(Required work) Ignoring the pictures, copy the data exactly.

Dataset excerpts:
__________________________________________________

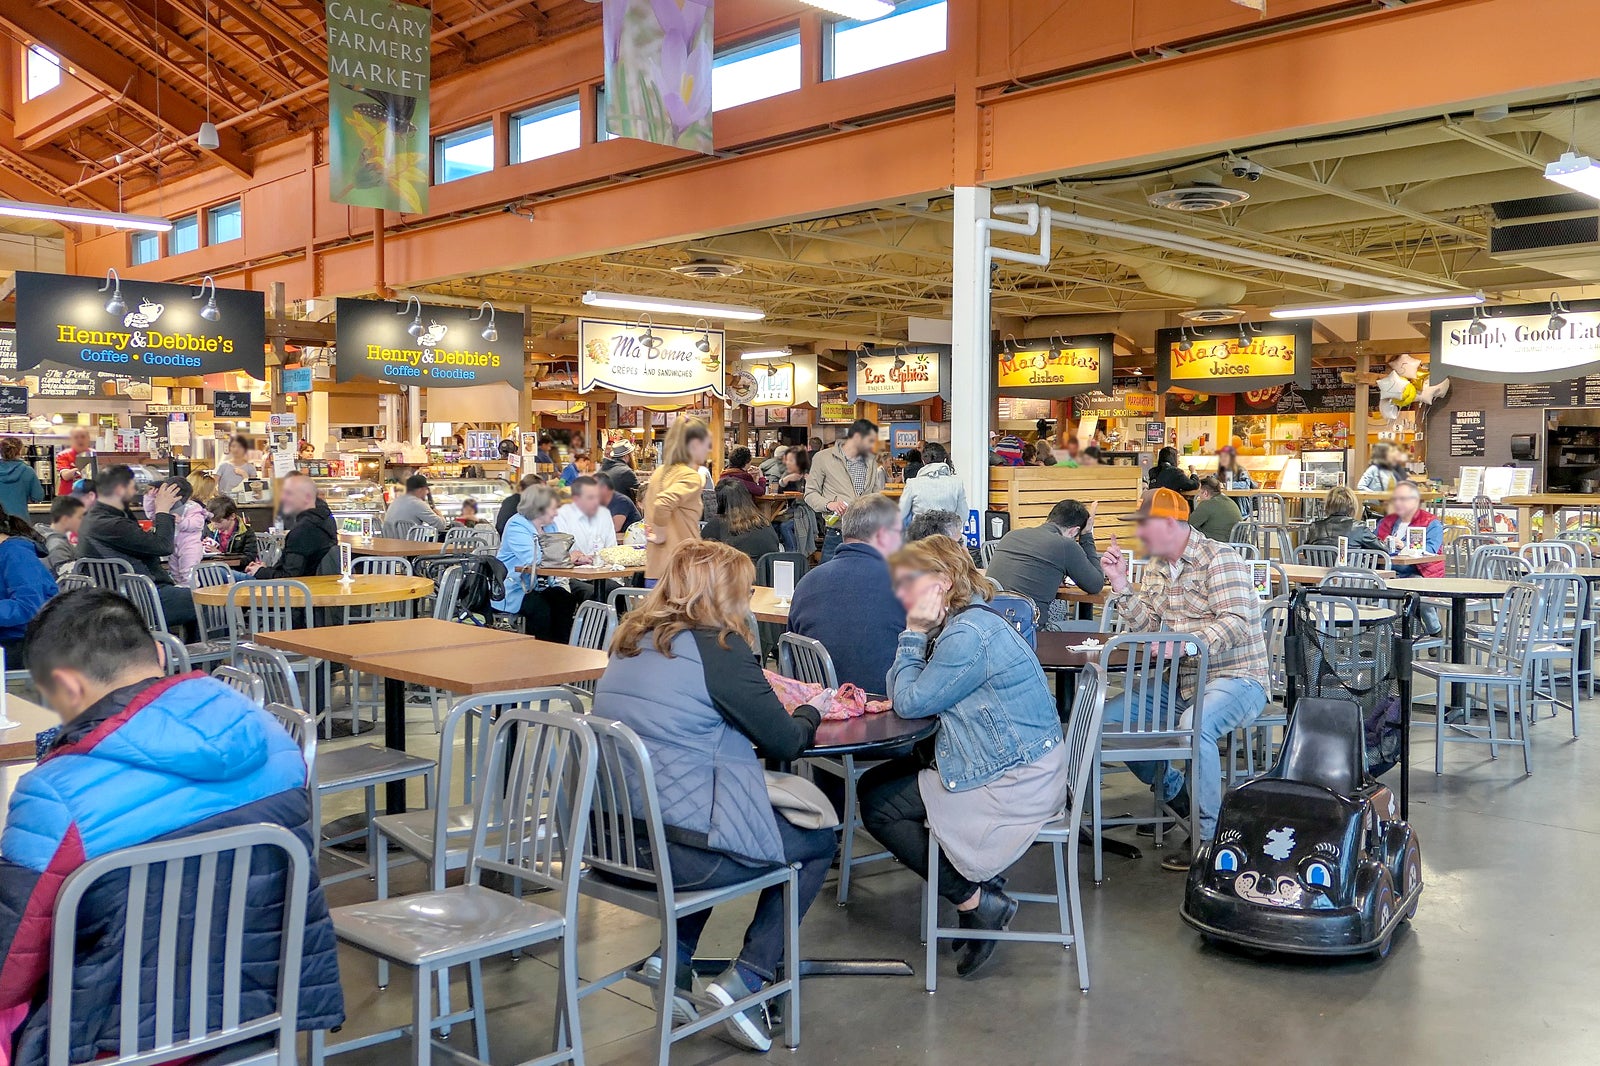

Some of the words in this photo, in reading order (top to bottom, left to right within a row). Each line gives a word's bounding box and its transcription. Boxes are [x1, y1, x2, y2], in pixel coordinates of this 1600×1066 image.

[328, 2, 426, 39] CALGARY
[329, 26, 428, 63] FARMERS'
[330, 55, 426, 91] MARKET
[56, 324, 234, 353] Henry&Debbie's
[1450, 328, 1507, 348] Simply
[1515, 324, 1561, 342] Good
[80, 348, 129, 363] Coffee
[143, 351, 202, 367] Goodies
[366, 344, 501, 367] Henry&Debbie's
[611, 335, 640, 358] Ma
[645, 336, 693, 361] Bonne
[45, 369, 63, 378] The
[383, 364, 421, 377] Coffee
[431, 367, 476, 380] Goodies
[643, 366, 656, 376] AND
[658, 368, 693, 378] SANDWICHES
[864, 367, 885, 384] Los
[1029, 370, 1065, 384] dishes
[1209, 360, 1250, 375] Juices

__________________________________________________

(Answer)
Some of the words in this photo, in reading order (top to bottom, left to right within a row). Each line gives a word's bounding box and its transcription. Boxes are [x1, y1, x2, y2], in pixel coordinates of this 1600×1066 image.

[328, 2, 426, 39] CALGARY
[329, 26, 428, 63] FARMERS'
[330, 55, 426, 91] MARKET
[56, 324, 234, 353] Henry&Debbie's
[1450, 328, 1507, 348] Simply
[1515, 324, 1561, 342] Good
[80, 348, 129, 363] Coffee
[143, 351, 202, 367] Goodies
[366, 344, 501, 367] Henry&Debbie's
[611, 335, 640, 358] Ma
[645, 336, 693, 361] Bonne
[45, 369, 63, 378] The
[383, 364, 421, 377] Coffee
[431, 367, 476, 380] Goodies
[643, 366, 656, 376] AND
[658, 368, 693, 378] SANDWICHES
[864, 367, 885, 384] Los
[1029, 370, 1065, 384] dishes
[1209, 360, 1250, 375] Juices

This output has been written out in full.